ROME, lundi 28 novembre 2011 (ZENIT.org) – Un « voyage intérieur » qui permet « d’entrer dans le monde de l’autre », de se tourner « vers l’Autre, avec un « A » majuscule » : Benoît XVI a expliqué en ces termes l’effet sur l’auditoire de la musique espagnole entendue samedi soir au Vatican. Il a analysé en quoi consiste la « manière espagnole » de d’écrire la musique, y compris dans sa composante religieuse. Un quatrième voyage en Espagne, après ceux de Valence, Saint-Jacques et Barcelone, et Madrid…
C’était en effet le premier « concert espagnol » au Vatican, en la salle Paul VI, offert à un pape. Et Benoît XVI s’est adressé à l’assemblée au terme de l’exécution par l’orchestre des Asturies, ce 26 novembre (cf. Article ci-dessous pour les circonstances de ce concert).
Le voyage intérieur
En espagnol, Benoît XVI a remercié le gouvernement de la Principauté des Asturies et la Fondation María Cristina Masaveu Peterson – son président M. Fernando Masaveu – pour ce « splendide concert » qui a permis aux auditeurs de faire « comme un voyage intérieur, emportés par la musique, à travers le folklore, les sentiments et le cœur même de l’Espagne ».
Le pape a spécialement remercié l’orchestre symphonique de la Principauté dirigé par le maestro Maximiano Valdés, pour sa « magnifique exécution » qui transmettait « un peu du profond et riche caractère de la population espagnole et en particulier des Asturies ». Un autre merci est allé à l’archevêque d’Oviedo et tous ceux qui ont permis ce concert et y ont assisté.
Filant la métaphore du voyage intérieur Benoît XVI a ajouté, en italien : « Ce soir, un « morceau » d’Espagne a été pour ainsi dire transporté en cette salle.
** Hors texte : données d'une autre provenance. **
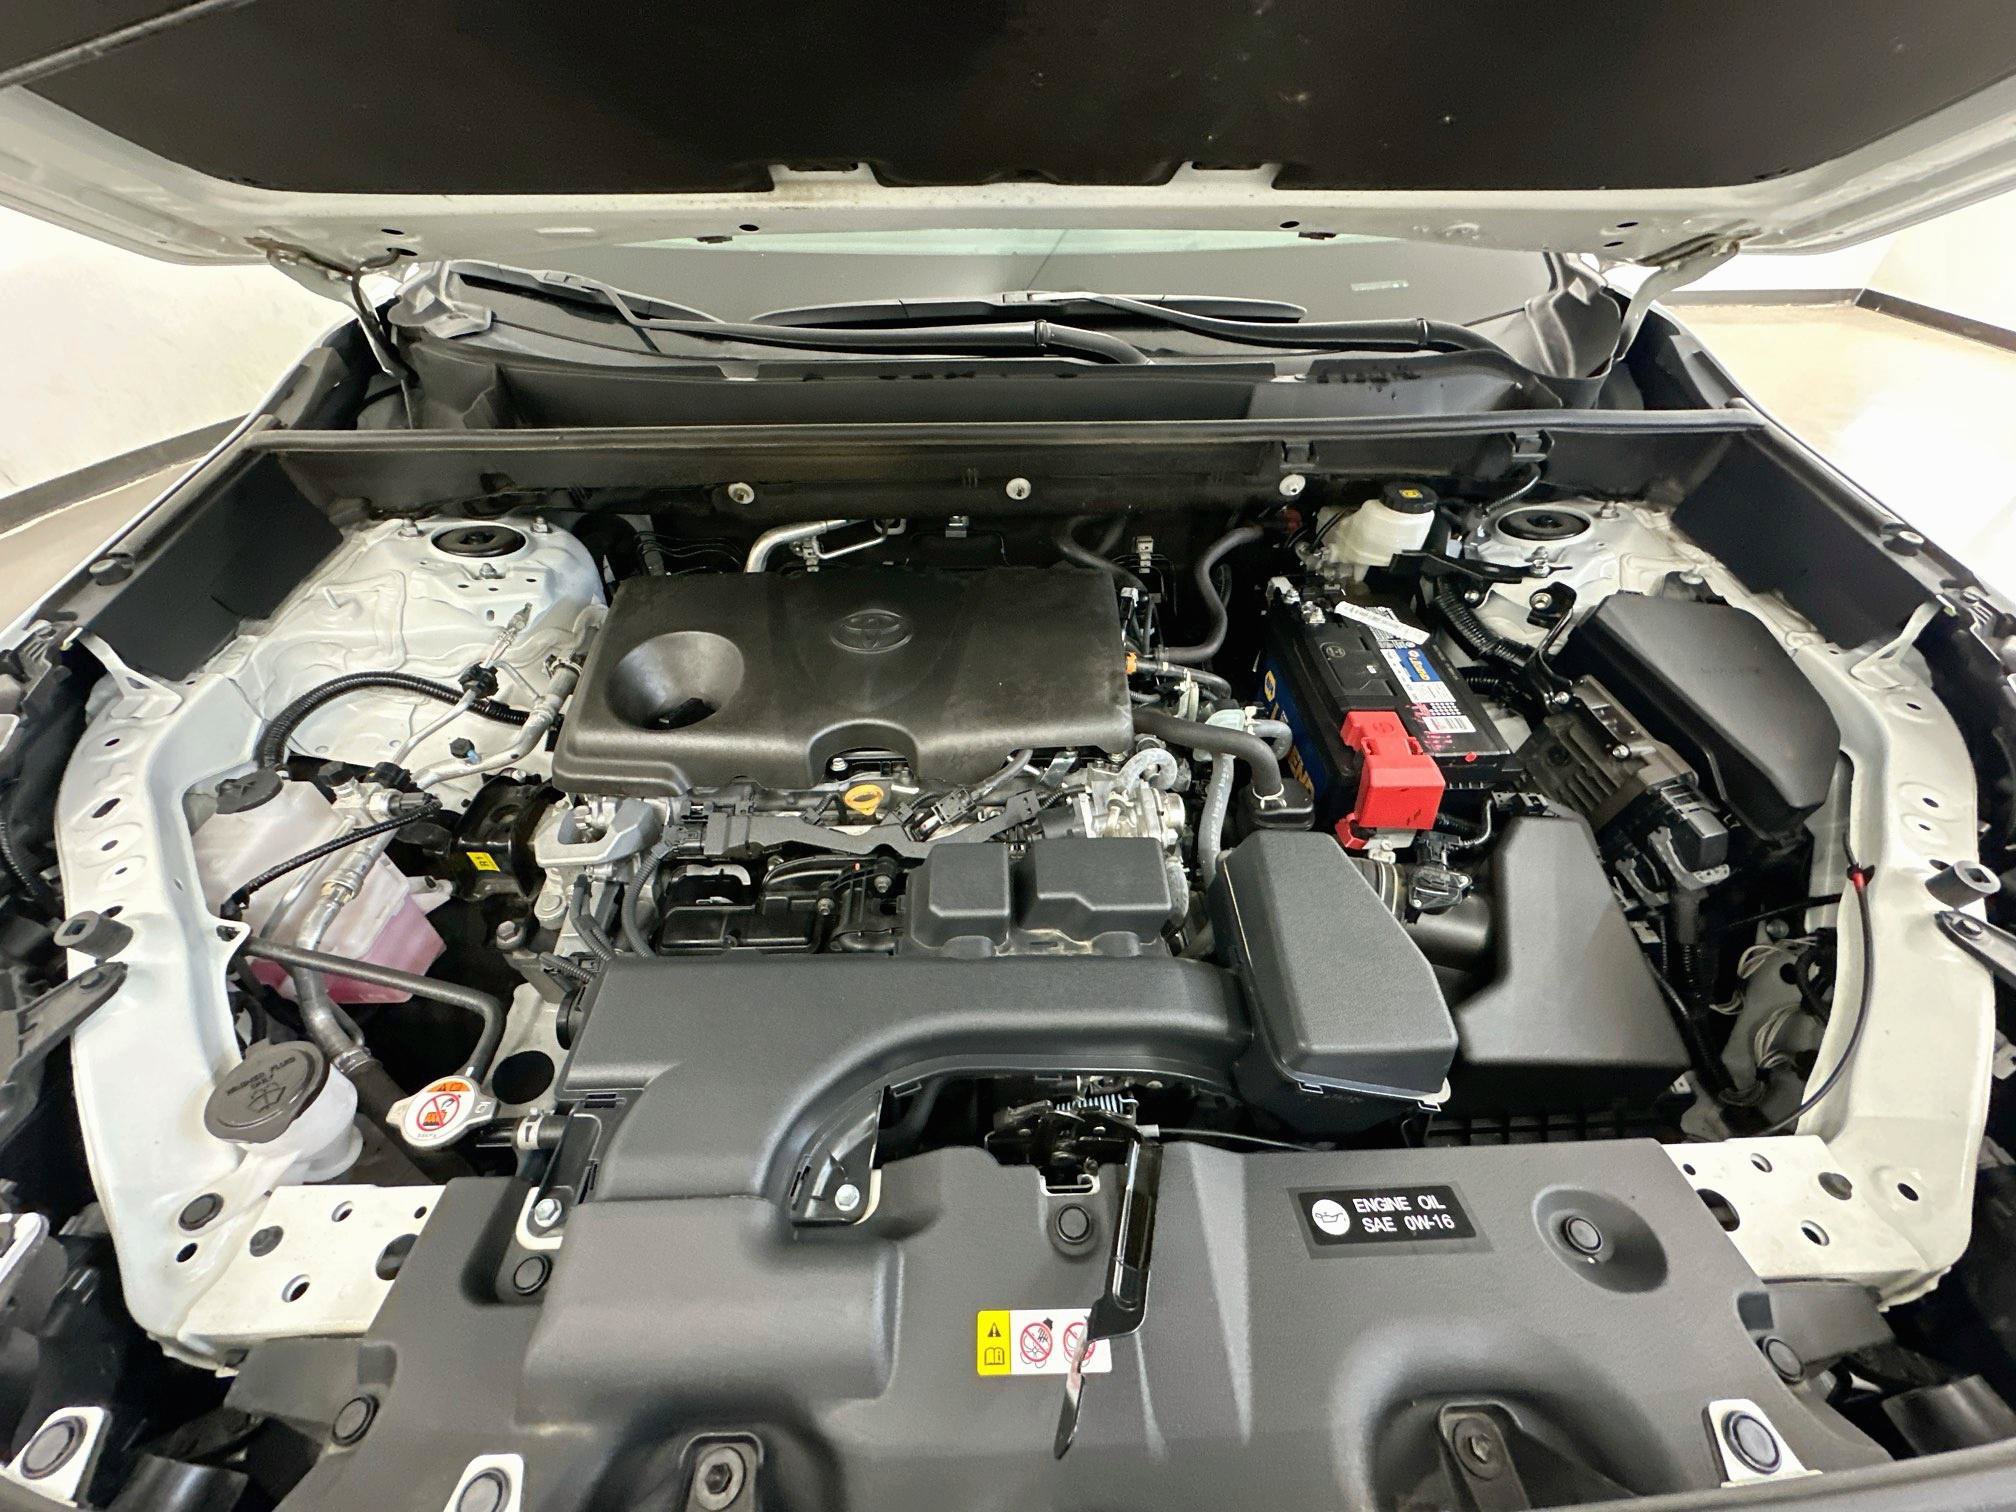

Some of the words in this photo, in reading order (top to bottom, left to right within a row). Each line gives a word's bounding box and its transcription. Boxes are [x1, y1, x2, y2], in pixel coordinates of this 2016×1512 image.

[1352, 1196, 1412, 1213] ENGINE
[1417, 1194, 1447, 1210] OIL
[1361, 1216, 1398, 1233] SAE
[1404, 1214, 1456, 1231] 0W-16
Nous avons pu non seulement écouter les musiques de certains des plus célèbres compositeurs de cette terre, comme Manuel de Falla ou Isaac Albéniz, mais aussi de l’Allemand Richard Strauss et du Russe Nikolai Rimsky-Korsakov, fasciné par ce qui est défini dans le livret du programme comme « more hispano », c’est-à-dire la « manière hispanique », [manière] d’être et aussi de composer et d’interpréter la musique. »
La « manière hispanique »
Benoît XVI a développé ce qu’il entendait par « manière hispanique » : « C’est justement là l’élément commun des morceaux si variés que nous avons entendus. Ils ont une caractéristique de fond : la capacité de communiquer musicalement les sentiments, les émotions, je dirais même quasi le tissu quotidien de la vie. »
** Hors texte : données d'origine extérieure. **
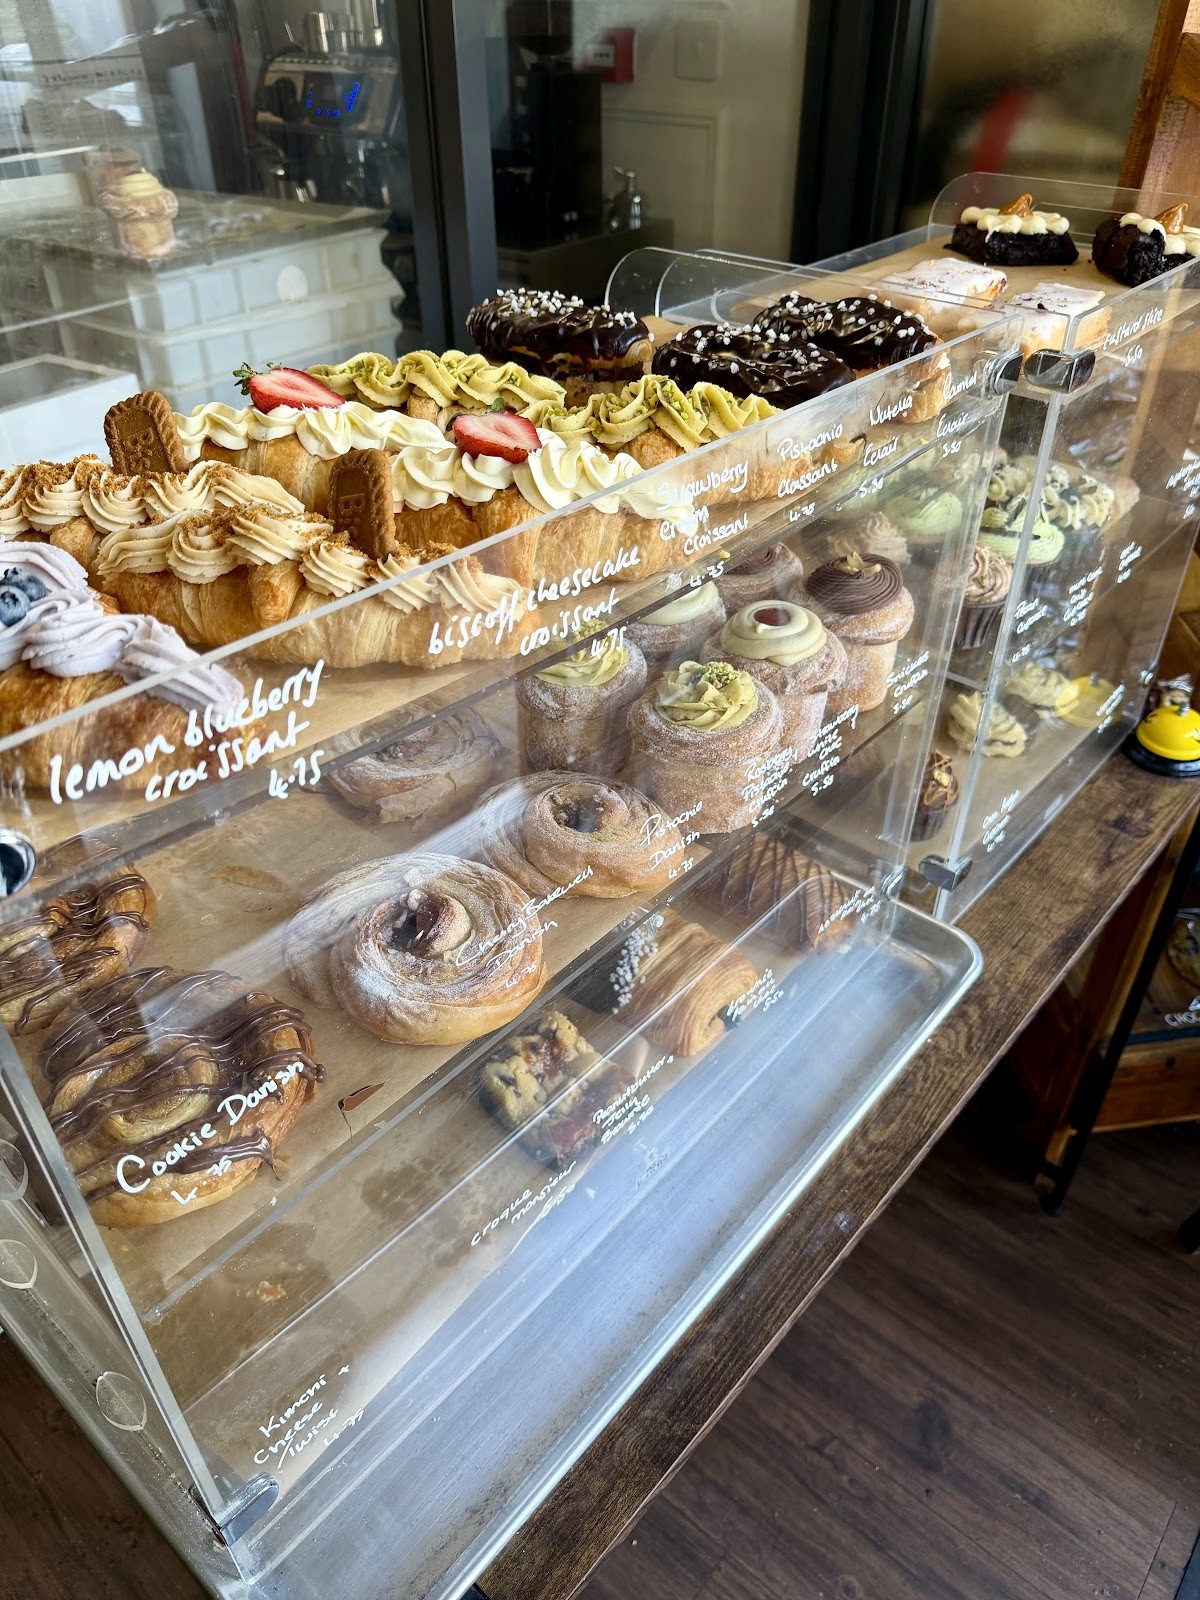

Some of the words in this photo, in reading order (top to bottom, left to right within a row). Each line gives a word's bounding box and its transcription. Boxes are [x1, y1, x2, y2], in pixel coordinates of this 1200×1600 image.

[683, 511, 749, 556] Croissant
[427, 588, 525, 655] biscoff
[526, 546, 642, 612] cheesecake
[519, 587, 621, 656] croissant
[49, 733, 176, 805] lemon
[183, 658, 326, 747] blueberry
[144, 710, 311, 802] croissant
[648, 830, 701, 872] Danish
[115, 1122, 218, 1194] Cookie
[216, 1061, 305, 1126] Danish
[470, 1188, 533, 1247] croque
[511, 1160, 577, 1225] monsieur
Pour Benoît XVI en effet celui qui « compose « more hispano » est porté quasi naturellement à fondre harmonieusement les éléments du folklore, de la chanson populaire, qui viennent de la vie de chaque jour, avec ce que nous appelons la « musique cultivée ». »
Le pape a proposé cette lecture également « intérieure » du programme du concert, de la fête et de la danse au drame d’une vie: « Et c’est un ensemble de sentiments qui nous ont été transmis ce soir : la « alegría de vivir », la joie de vivre, le climat de fête, qui transparaît dans les compositions comme les trois danses de « El sombrero de tres picos » de de Falla, ou la lutte contre le mal décrite par la célèbre « Danse rituelle du feu » du même auteur ; la vie animée des quartiers de la ville, comme dans « Lavapiés », de « Iberia » d’Albéniz; le drame d’une vie qui ne trouve pas la paix, comme celle de don Juan, qui ne réussit pas à vivre l’amour de façon authentique et, à la fin, se rend compte du vide de son existence ; le chef d’œuvre de Strauss a rendu parfaitement le passage de l’euphorie qui anime le morceau à la tristesse du vide exprimée par la mélancolie finale ».
La composante religieuse
Mais l’analyse de Benoît XVI ne s’arrête pas là. Il indique un autre élément « constant » de ce « more hispano » dans les compositions musicales : l ‘élément « religieux » dont le peuple d’Espagne est « profondément imprégné ».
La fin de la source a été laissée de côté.